▶ Work instructions: Without pictures, repeat exactly the lines from the one containing "this 957×1612 image." through the end of the entries.

▶ Listed records:

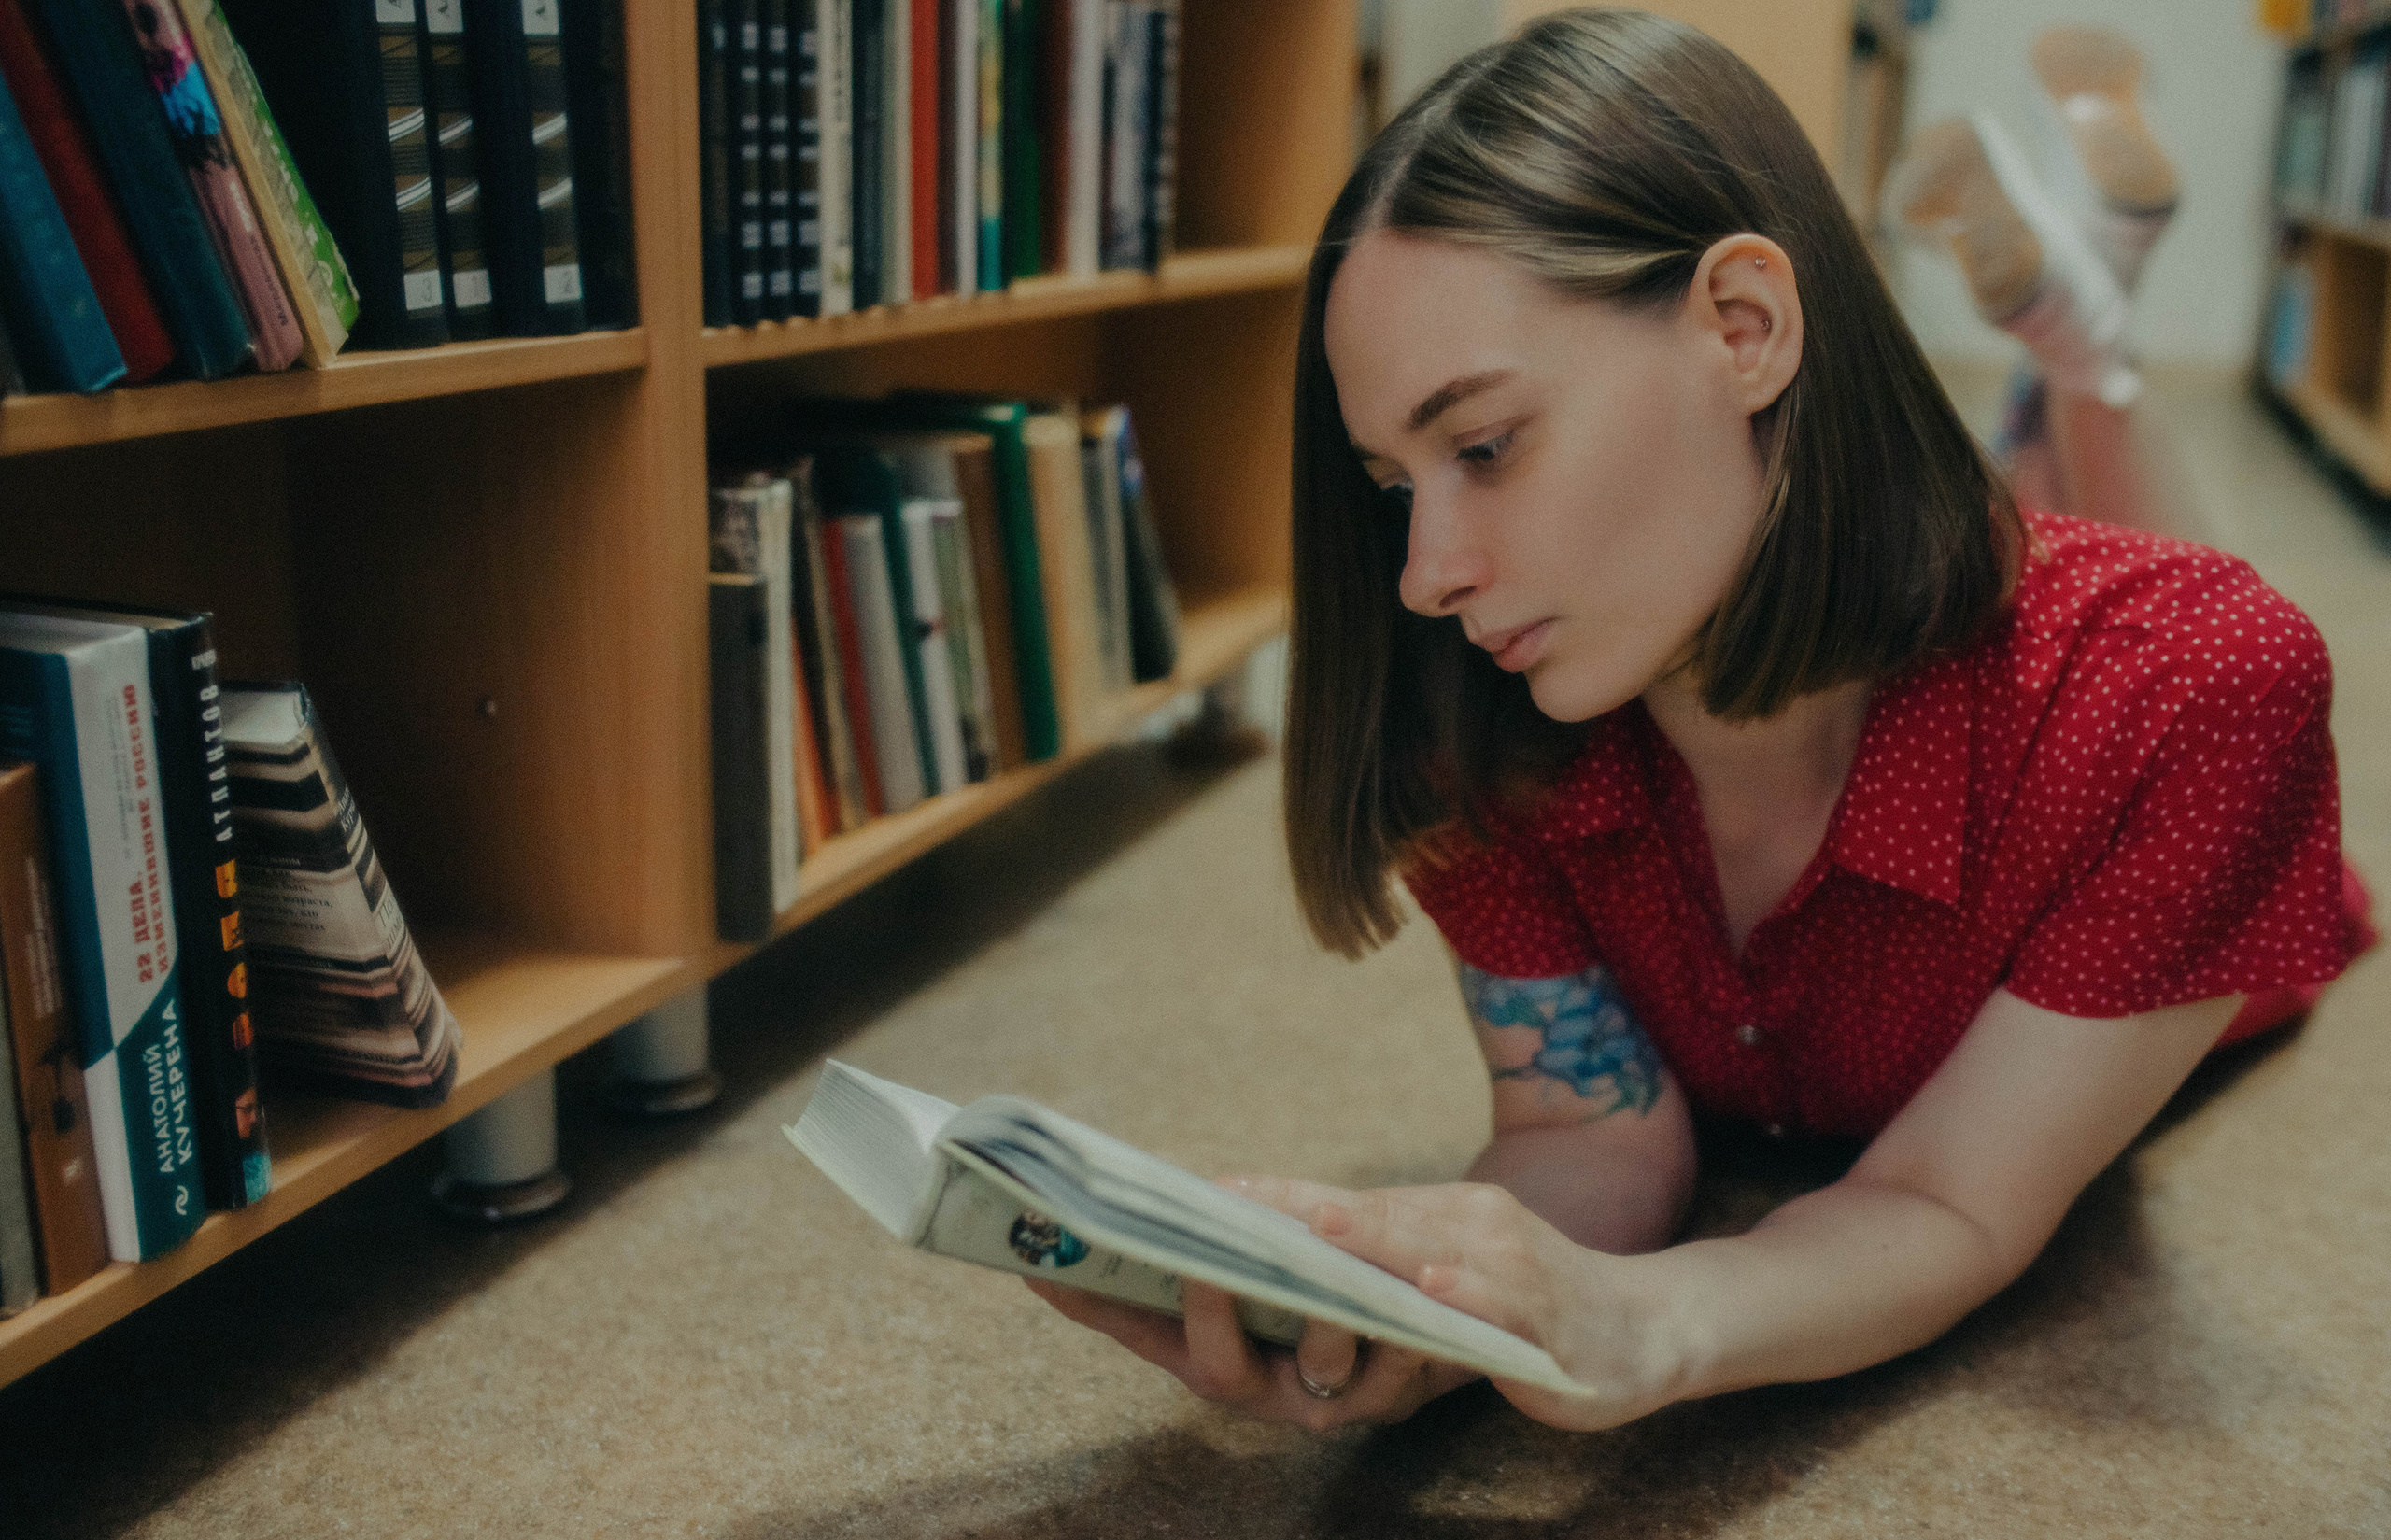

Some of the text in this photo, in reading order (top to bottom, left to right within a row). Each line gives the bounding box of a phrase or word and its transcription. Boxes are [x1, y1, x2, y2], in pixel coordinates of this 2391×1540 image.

[123, 684, 169, 974] ИЗМЕНИВШИЕ РОССИЮ
[199, 685, 233, 842] АТЛАНТОВ
[137, 952, 153, 983] 22
[142, 1043, 175, 1173] АНАТОЛИЙ
[162, 998, 192, 1166] КУЧЕРЕНА
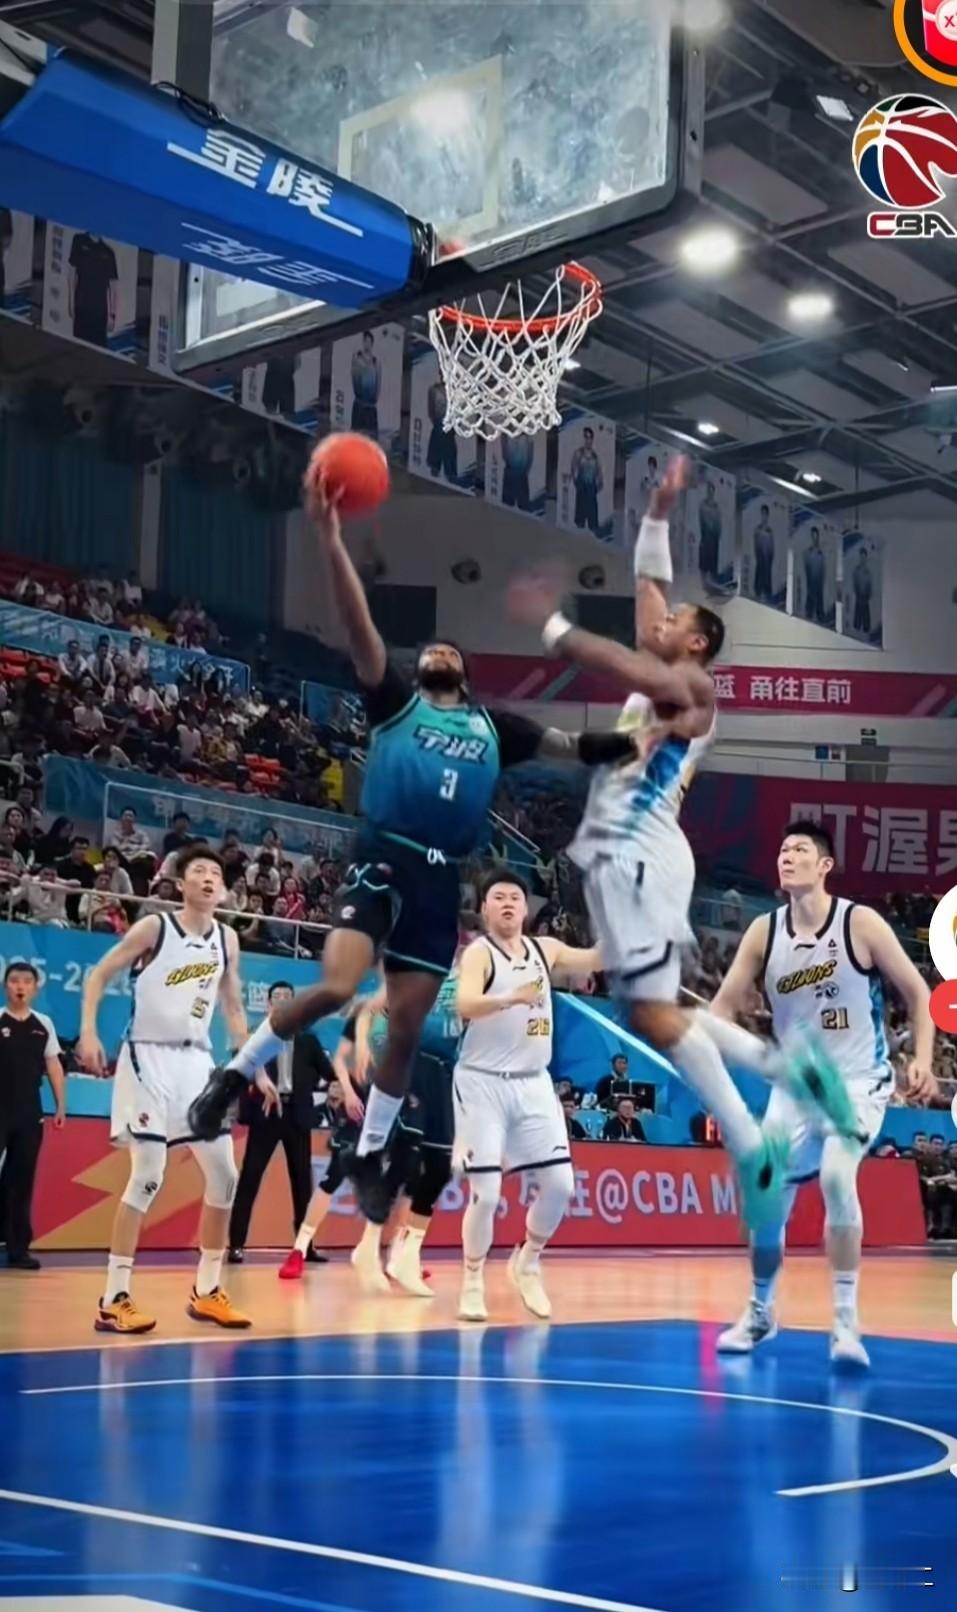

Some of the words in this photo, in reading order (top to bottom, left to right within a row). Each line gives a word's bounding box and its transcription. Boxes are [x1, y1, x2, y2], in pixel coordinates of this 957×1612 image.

[167, 128, 364, 238] 金陵
[750, 675, 852, 704] 甬往直前
[439, 767, 459, 801] 3
[821, 1007, 849, 1030] 21
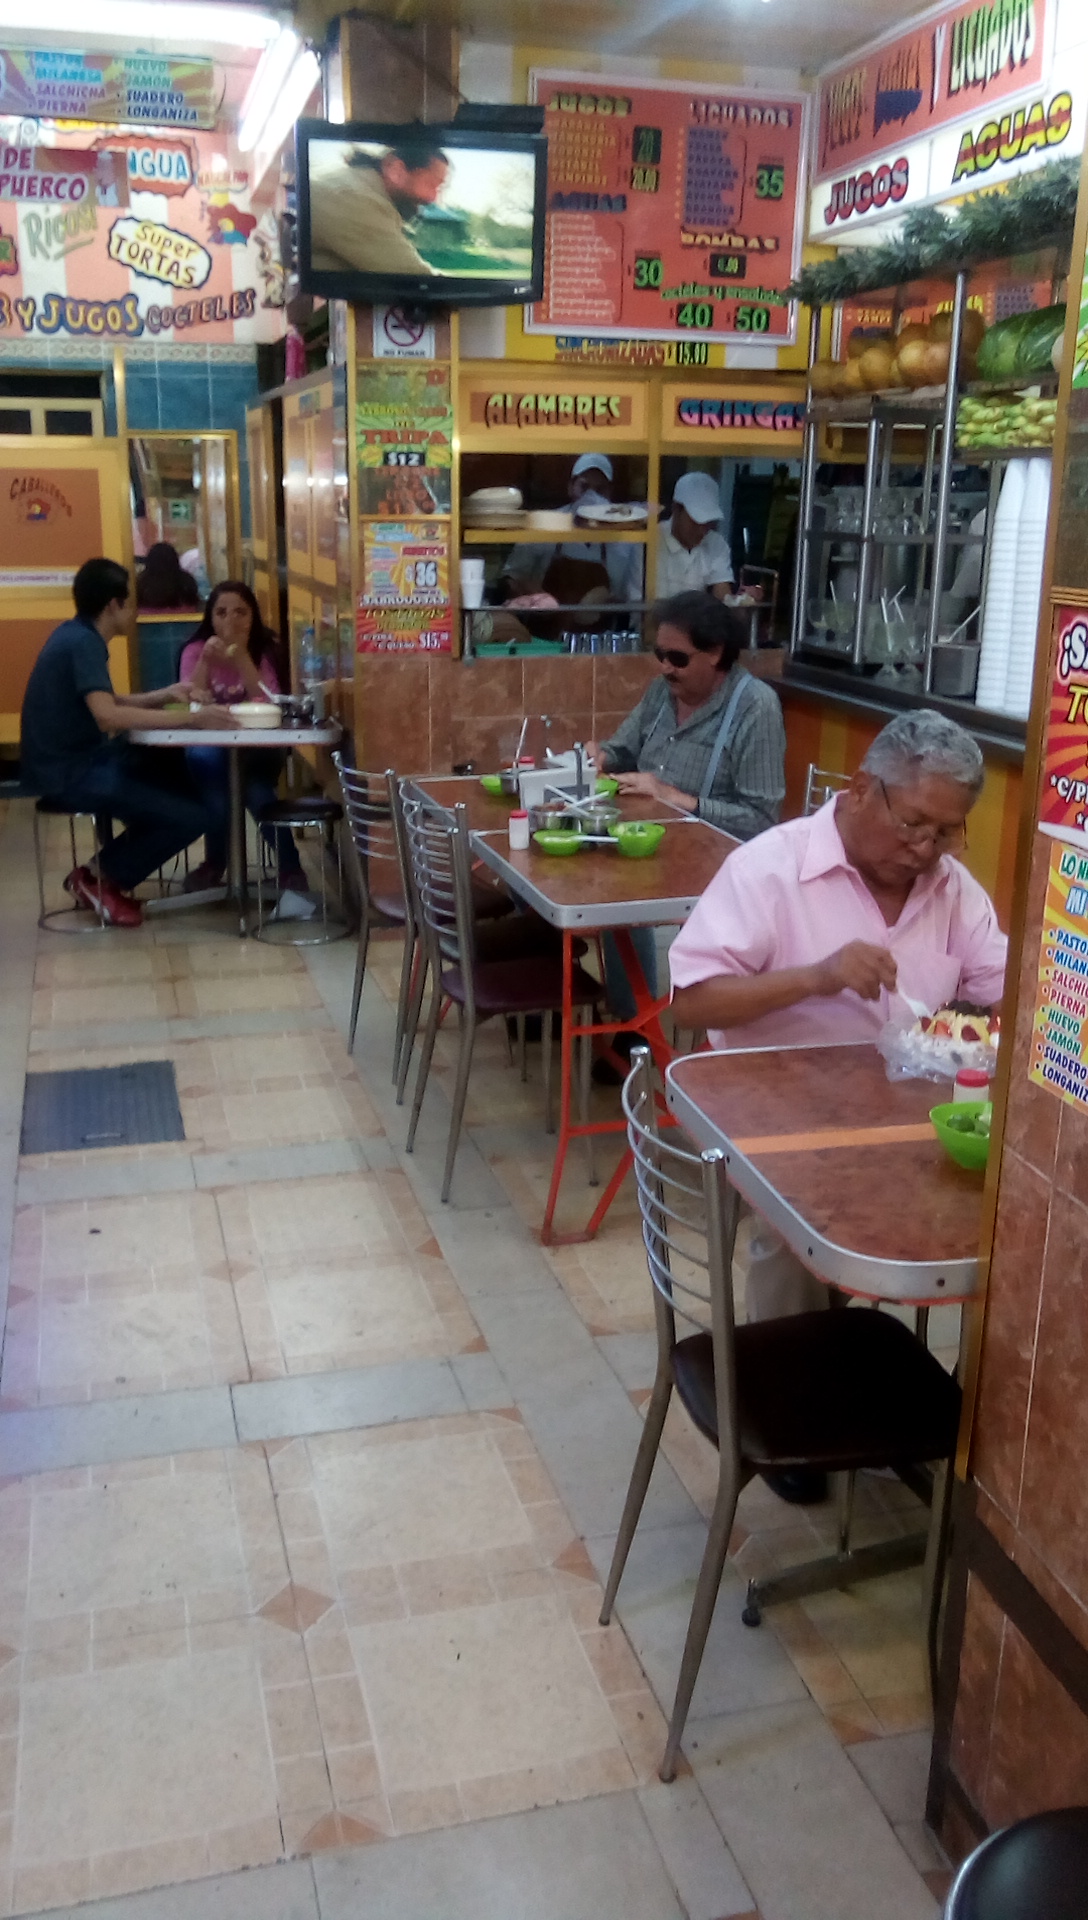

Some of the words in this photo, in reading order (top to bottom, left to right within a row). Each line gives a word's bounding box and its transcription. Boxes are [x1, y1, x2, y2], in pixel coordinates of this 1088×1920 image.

▶ Completed exercise:
Some of the words in this photo, in reading order (top to bottom, left to right within a row). Each line gives a word's bounding box and its transcription. Boxes are [x1, y1, x2, y2], in pixel coordinates of this 957×1612 image.

[167, 128, 364, 238] 金陵
[750, 675, 852, 704] 甬往直前
[439, 767, 459, 801] 3
[821, 1007, 849, 1030] 21

Some of the words in this photo, in reading order (top to bottom, left to right within a row). Each line gives a word's bounding box and its transcription. Boxes are [x1, y1, x2, y2], in pixel coordinates of this 1088×1920 image.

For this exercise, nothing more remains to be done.